Friday, September 15, 2006

losing control

... or rather, giving it up. to quote an old friend of mine: "i resent that". it is possibly the worst situation i can find myself in. i am a complete and utter control freak, i know that, and i also know what that means in relation with other human beings.

i said i wanted to smoke a joint. whoa, there,
calm down. i am not going to do anything illegal - i'll do it when i'll go back to amsterdam (i love that city. and no, i haven't tried it before). however, i am not going to do it in public. it's a curiosity of mine that i feel i can satisfy, but i want to do it alone, in my room. why? because i so completely resent losing control. i will not let my state of mind be altered beyond my control in front of others.

same goes for drinking. i've never ever been drunk, in my entire life. seeing how much i
dislike alcohol, it is also not likely i'll be drunk anytime soon. should it ever happen, however, it will most likely be in the privacy of my room.

the above are merely examples. it's probably ok that i don't want to lose control like that. but the same goes for any situation and most definitions of (self)control. i hate team assignments because i do not want to leave the results up to others. unfortunately, it has been proven to me over again that not controlling the way you are going in an assignment turns out to be a modest disaster (at least for me).

same goes for falling in love. well, not for actually falling, i'll admit i can't control that one.
however, just like with drunkenness - never ever acted on it. exposing myself to the approval or disapproval of another, depending on an answer instead of setting my way myself? no, sirree, not my cup of tea.
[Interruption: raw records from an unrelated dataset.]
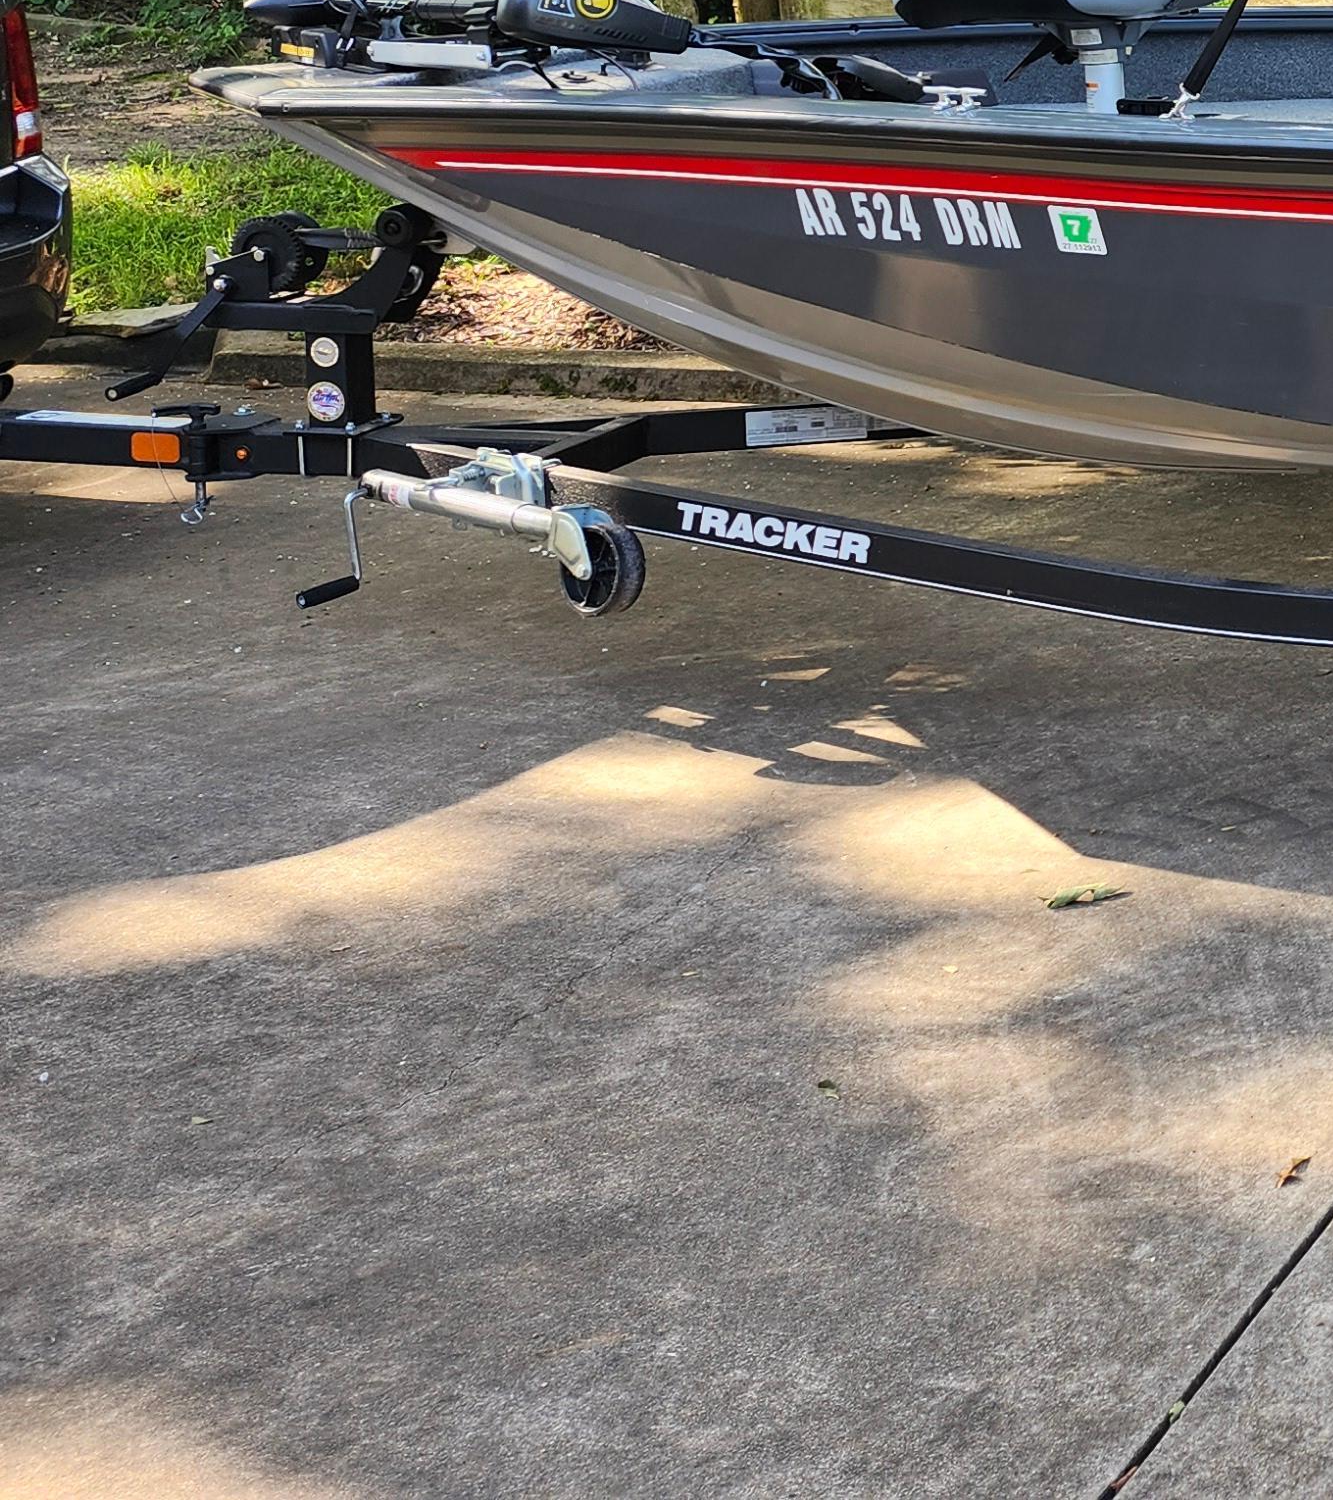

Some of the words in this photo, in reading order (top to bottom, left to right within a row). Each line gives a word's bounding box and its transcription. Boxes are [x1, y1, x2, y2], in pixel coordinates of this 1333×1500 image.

[796, 188, 846, 236] AR
[850, 191, 921, 241] 524
[933, 197, 1022, 249] DRM
[1066, 219, 1080, 236] 7
[677, 502, 871, 564] TRACKER
slowly but surely, i've developed this into some sort of paranoia, anyways. i keep avoiding any situation where i could actually find myself with no control over what is happening to me, at least in public. it goes well hand in hand with the subject of an upcoming blog. i am pretty much aware of the impact it has both on me and on others occasionally and sometimes the loss is greater than the gain... even though i can't possibly know that. quote from j. (interesting post about this issue, i recommend the entire story):

...to remember that there are times when, despite the discomfort,... being willing to open oneself up to new experiences... which sometimes require relinquishing a certain level of predictability and control... and which can definitely make you feel a lot more vulnerable (and human) than you'd like others to see/know...
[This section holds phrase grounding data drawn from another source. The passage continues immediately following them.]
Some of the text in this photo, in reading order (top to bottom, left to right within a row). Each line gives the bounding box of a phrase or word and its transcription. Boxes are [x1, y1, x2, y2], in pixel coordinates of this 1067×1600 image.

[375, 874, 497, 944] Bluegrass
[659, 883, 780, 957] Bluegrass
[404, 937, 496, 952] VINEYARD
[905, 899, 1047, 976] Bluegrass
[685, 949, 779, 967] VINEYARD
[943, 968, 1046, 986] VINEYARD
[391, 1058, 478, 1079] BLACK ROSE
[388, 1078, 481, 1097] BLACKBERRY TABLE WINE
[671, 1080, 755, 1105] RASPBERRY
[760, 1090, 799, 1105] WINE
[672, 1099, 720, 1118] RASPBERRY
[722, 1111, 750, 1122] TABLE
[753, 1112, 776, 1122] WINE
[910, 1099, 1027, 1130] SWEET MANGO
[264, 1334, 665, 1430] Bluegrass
...those moments can be as just as exciting as they are frightening...

...and sometimes hold even more rewards than you'd ever imagined...
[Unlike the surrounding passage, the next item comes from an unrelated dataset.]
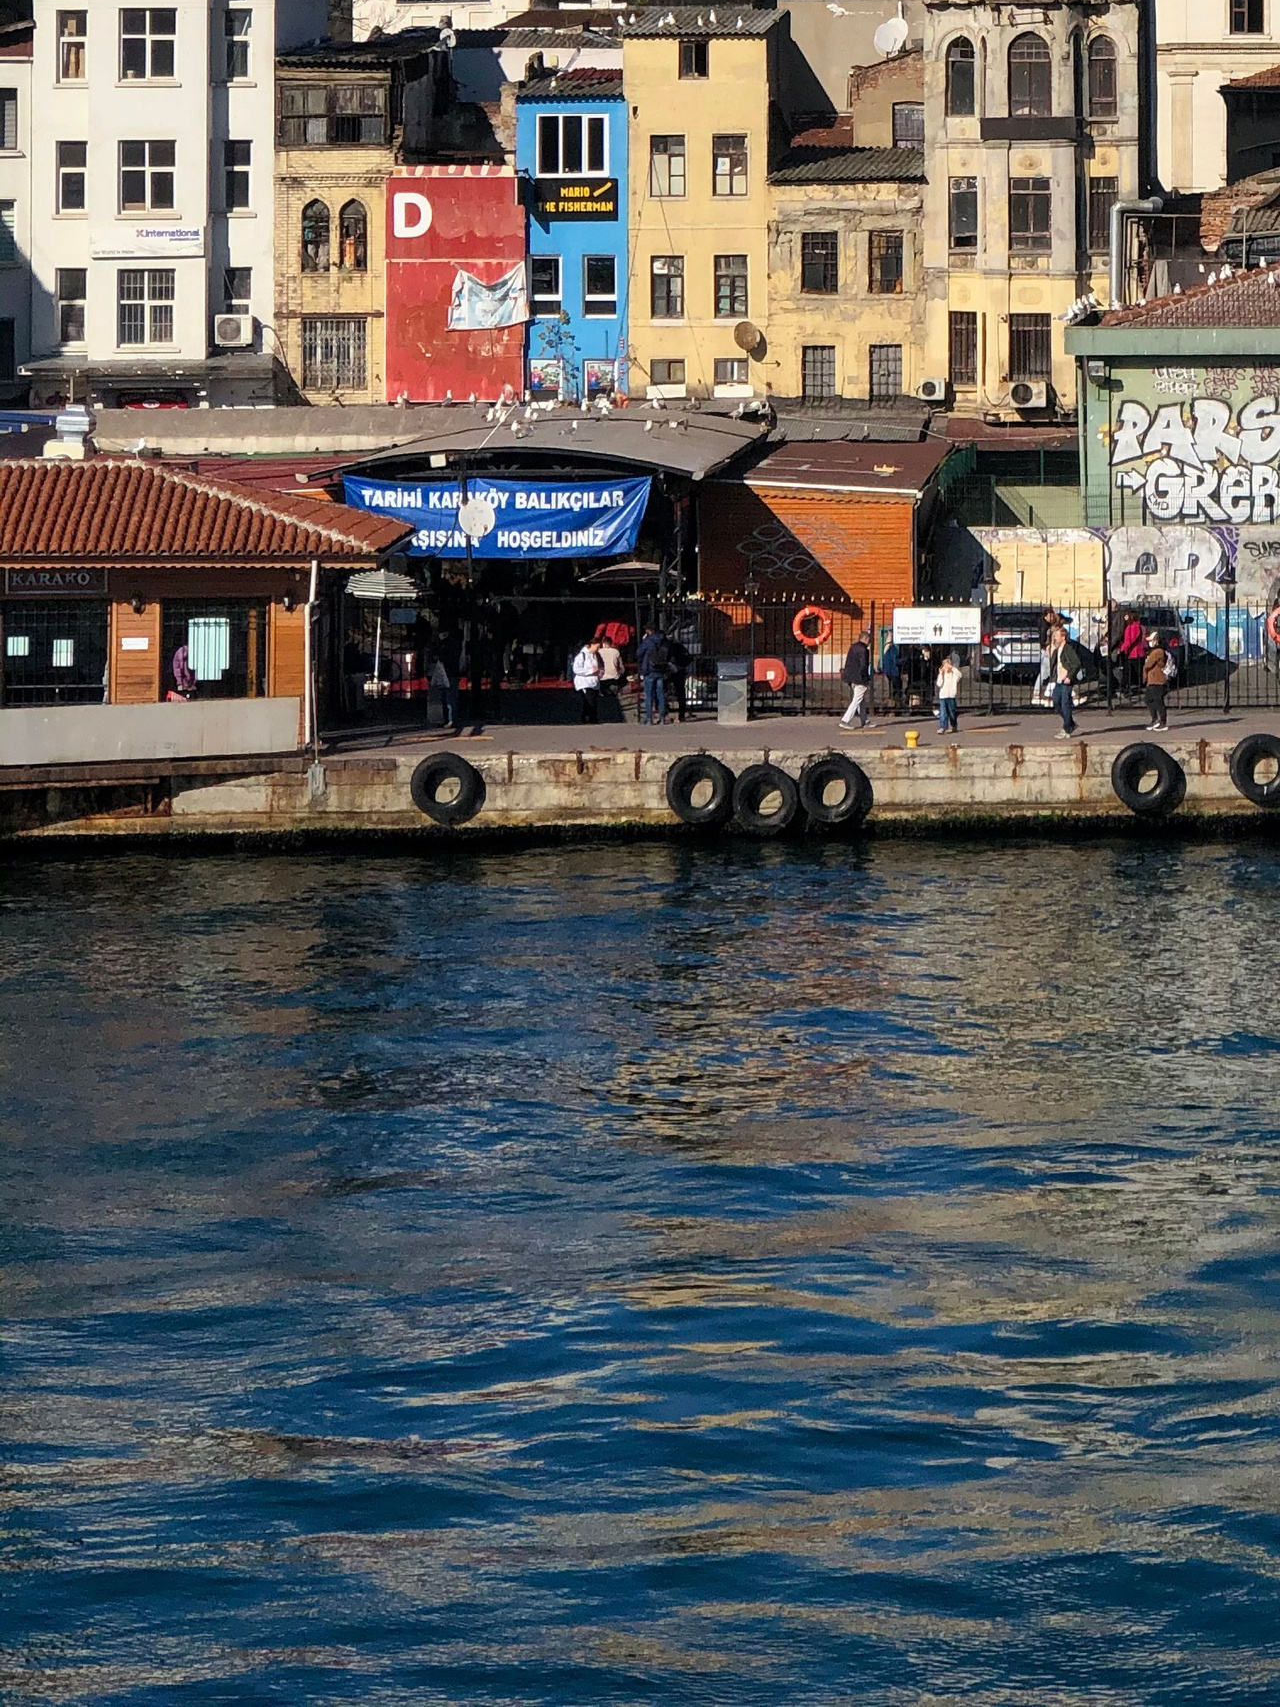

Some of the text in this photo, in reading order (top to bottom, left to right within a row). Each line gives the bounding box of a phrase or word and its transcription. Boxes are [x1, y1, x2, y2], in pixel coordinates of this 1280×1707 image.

...but you'll never know, of course,... unless you follow through with the decision...

...to take that first step... on stage.


however... i can't stop myself from thinking that... crossing that safety zone line is emotional suicide :(

so, if someone came knocking at my door
asking me to give up cold reason for trust... they'd need 1. one written guarantee that "everything's gonna be alright" and 2. one up to date insurance for any broken, scared or otherwise injured heart should the guarantee be broken. fixing up such damage costs immensly nowadays... i just don't have enough mana to perform such wizardry.